Douglas A. McIntyre is the co-founder, chief executive officer and editor in chief of 24/7 Wall St. and 24/7 Tempo. He has held these jobs since 2006.

McIntyre has written thousands of articles for 24/7 Wall St. He is an expert on corporate finance, the automotive industry, media companies and international finance. He has edited articles on national demographics, sports, personal income and travel.

His work has been quoted or mentioned in The New York Times, The Wall Street Journal, Los Angeles Times, The Washington Post, NBC News, Time, The New Yorker, HuffPost USA Today, Business Insider, Yahoo, AOL, MarketWatch, The Atlantic, Bloomberg, New York Post, Chicago Tribune, Forbes, The Guardian and many other major publications. McIntyre has been a guest on CNBC, the BBC and television and radio stations across the country.

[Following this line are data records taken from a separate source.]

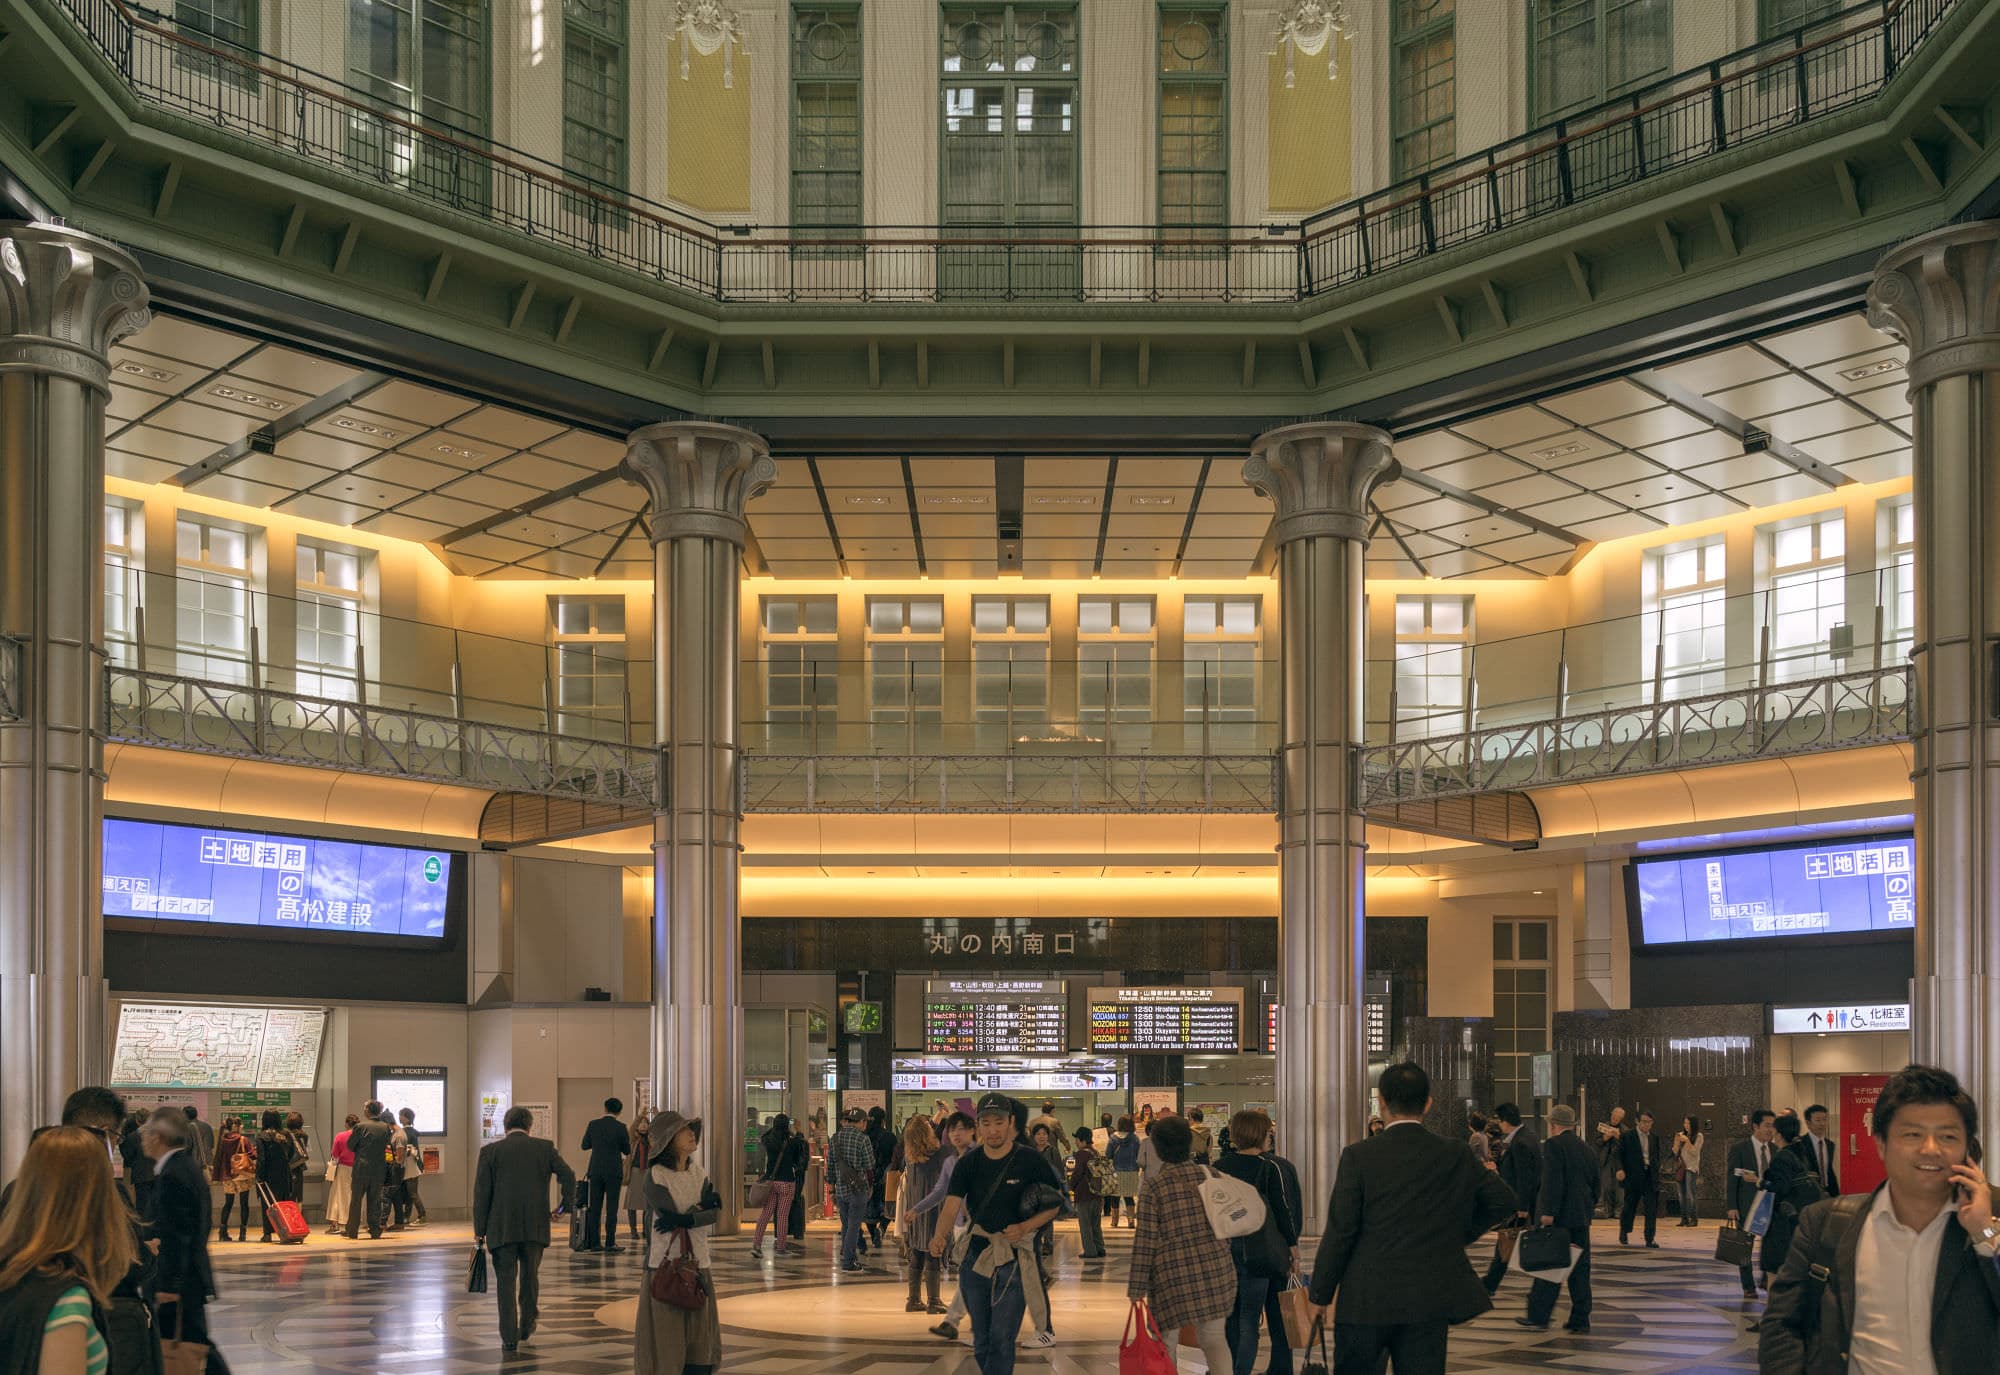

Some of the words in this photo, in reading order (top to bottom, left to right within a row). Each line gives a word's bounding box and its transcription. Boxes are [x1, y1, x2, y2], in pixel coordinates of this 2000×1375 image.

[204, 839, 304, 868] 土地活用
[1807, 848, 1909, 878] 土地活用
[281, 874, 302, 893] の
[930, 932, 1077, 955] 丸の内南口
[1869, 1006, 1906, 1020] 化粧室
[1869, 1020, 1907, 1028] Restrooms
[976, 1036, 995, 1044] 13:08
[976, 1044, 995, 1052] 13:12
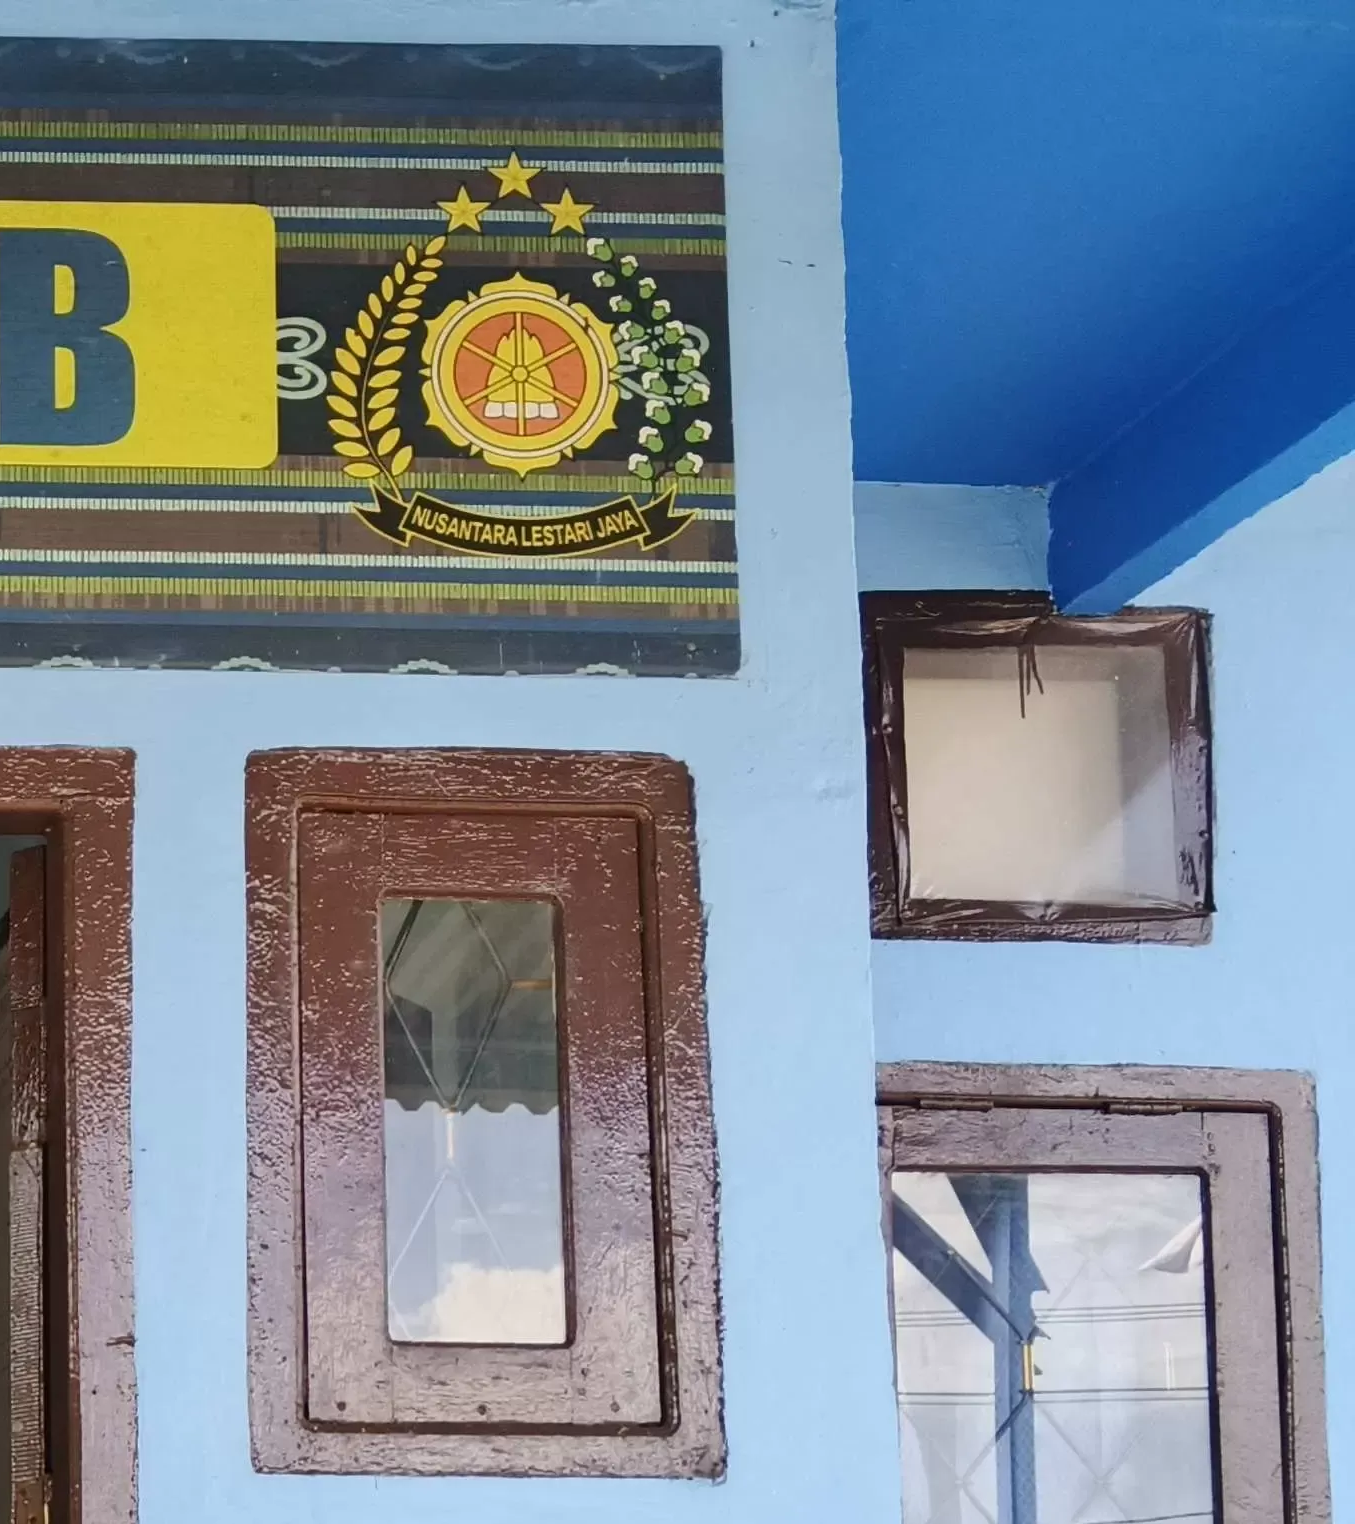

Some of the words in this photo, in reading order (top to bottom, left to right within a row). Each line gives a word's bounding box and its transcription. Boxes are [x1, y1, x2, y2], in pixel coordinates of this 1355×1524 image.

[410, 505, 518, 546] NUSANTARA
[521, 521, 594, 547] LESTARI
[594, 509, 639, 539] JAYA
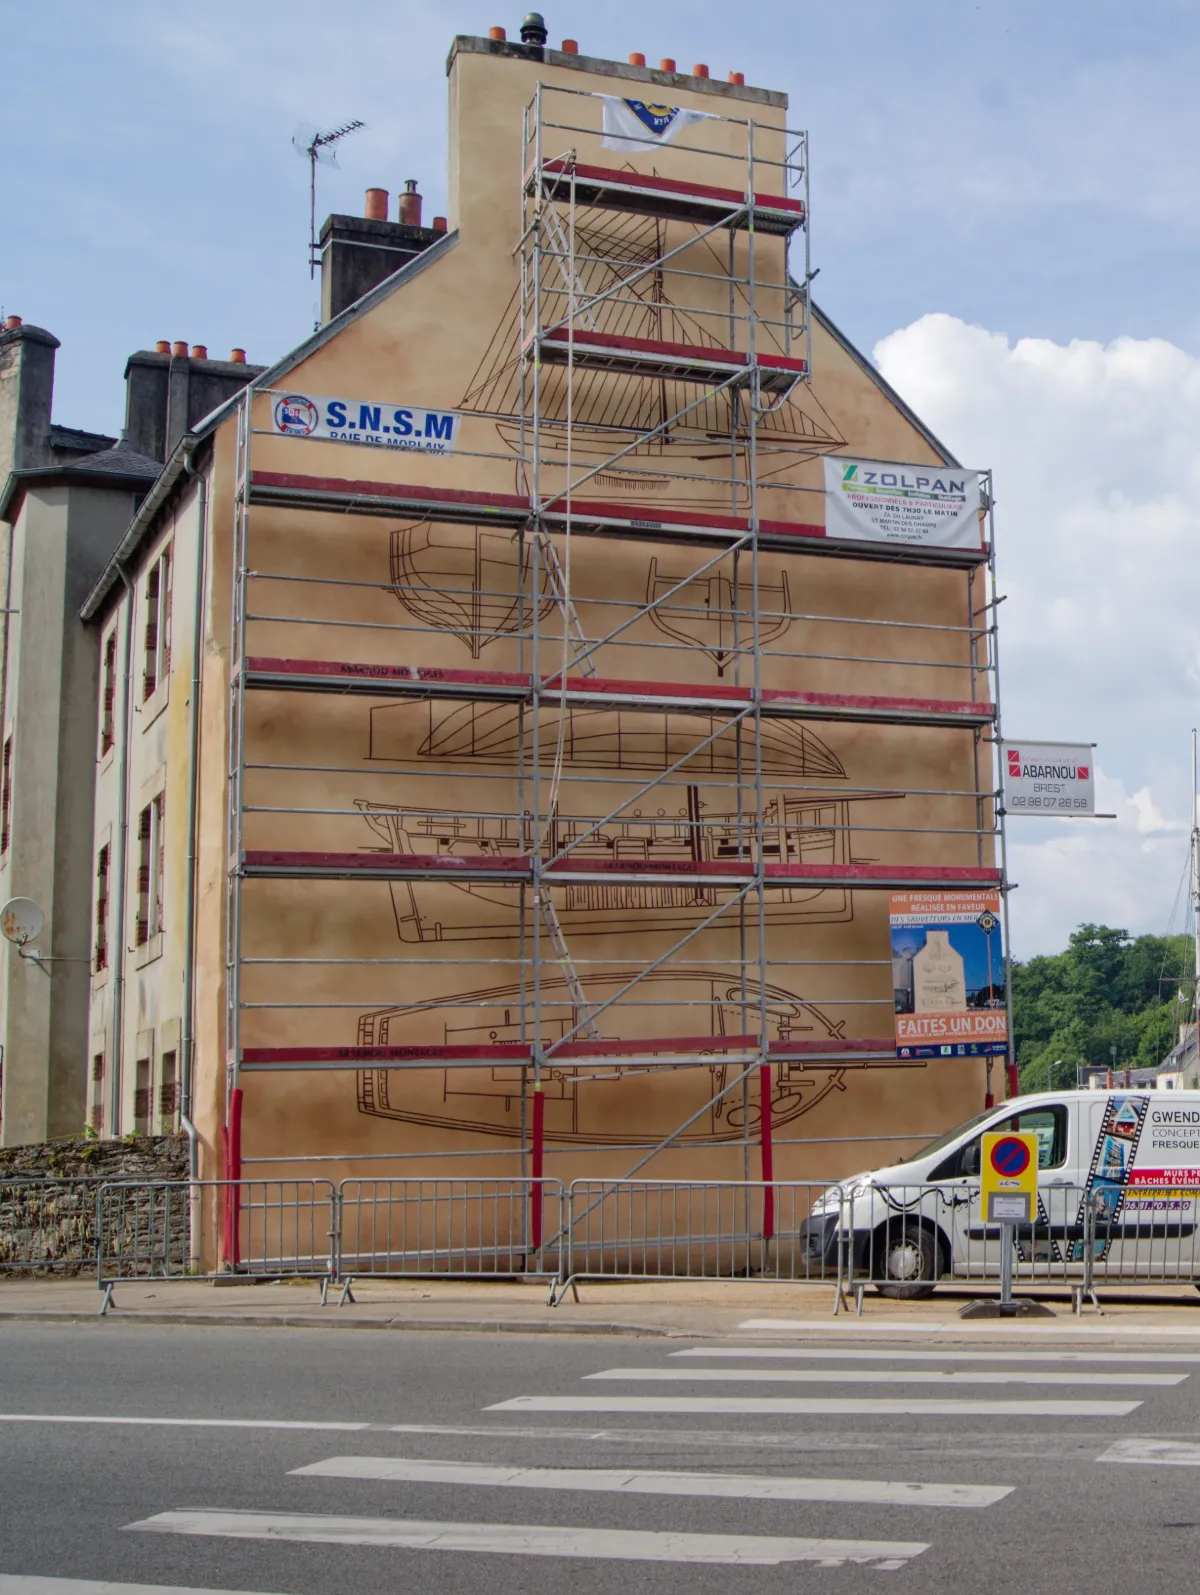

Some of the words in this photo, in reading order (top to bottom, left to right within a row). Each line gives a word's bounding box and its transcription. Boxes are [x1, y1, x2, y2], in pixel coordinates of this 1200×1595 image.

[326, 401, 454, 440] S.N.S.M
[863, 472, 965, 494] ZOLPAN
[852, 502, 884, 511] OUVERT
[902, 506, 922, 514] 7H30
[934, 509, 958, 517] MATIN
[914, 521, 937, 529] CHAMPS
[1022, 764, 1076, 780] ABARNOU
[1033, 783, 1066, 793] BREST
[1012, 796, 1026, 806] 02
[1028, 797, 1042, 807] 98
[1043, 797, 1057, 807] 07
[1058, 798, 1072, 808] 26
[1073, 798, 1087, 808] 59
[891, 894, 908, 902] UNE
[909, 893, 942, 902] FRESQUE
[943, 893, 998, 902] MONUMENTALE
[910, 902, 945, 912] RÉALISÉE
[946, 903, 957, 911] EN
[957, 903, 986, 911] FAVEUR
[906, 915, 951, 923] SAUVETEURS
[897, 1019, 947, 1035] FAITES
[950, 1018, 972, 1033] UN
[975, 1016, 1006, 1031] DON
[1163, 1169, 1189, 1177] MURS
[1134, 1175, 1169, 1185] BÂCHES
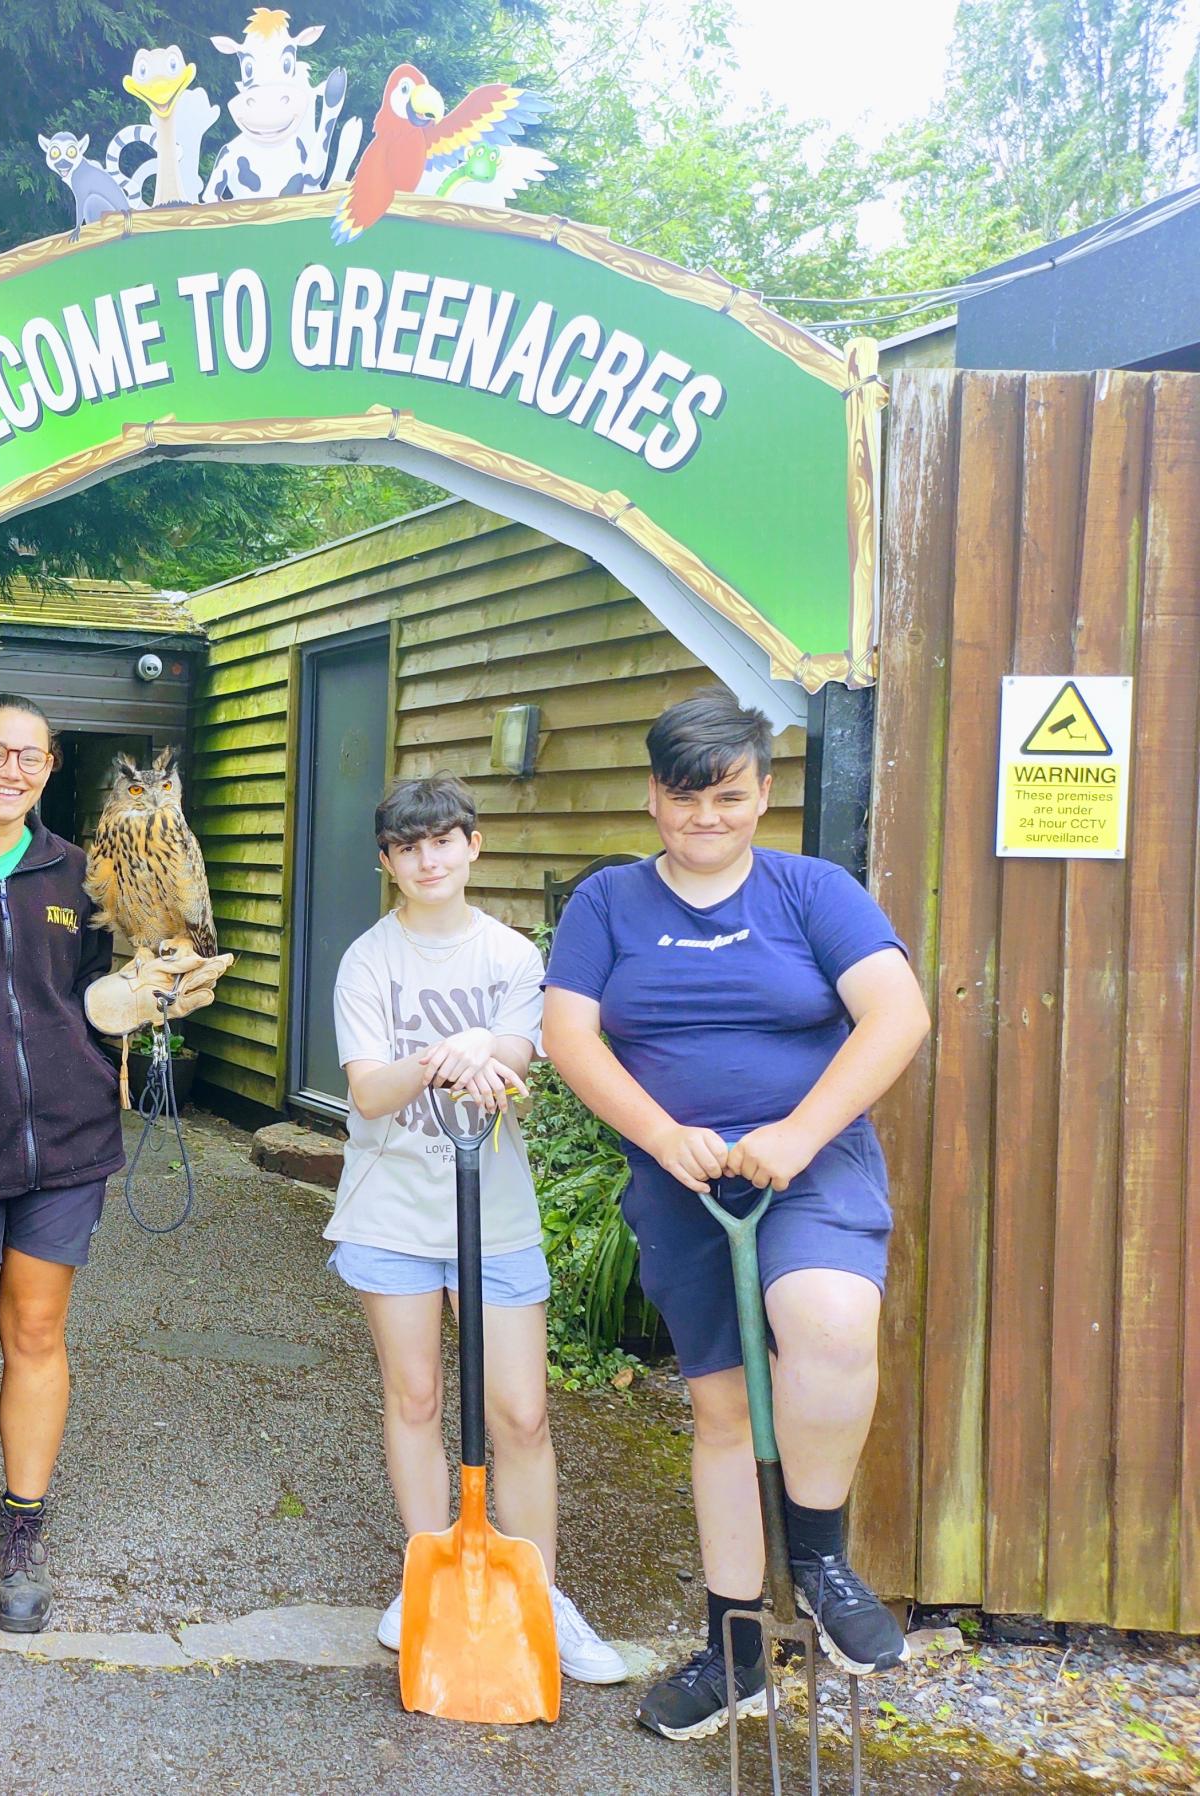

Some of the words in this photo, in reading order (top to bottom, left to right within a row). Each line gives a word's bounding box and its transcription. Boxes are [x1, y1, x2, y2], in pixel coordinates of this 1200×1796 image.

A magna cum laude graduate of Harvard College, McIntyre also was president of The Harvard Advocate. Founded in 1866, the Advocate is the oldest college publication in the United States.

TheStreet.com, Comps.com and Edgar Online are some of the public companies for which McIntyre served on the board of directors. He was a Vicinity Corporation board member when the company was sold to Microsoft in 2002. He served on the audit committees of some of these companies.

McIntyre has been the CEO of FutureSource, a provider of trading terminals and news to commodities and futures traders. He was president of Switchboard, the online phone directory company. He served as chairman and CEO of On2 Technologies, the video compression company that provided video compression software for Adobe’s Flash. Google bought On2 in 2009.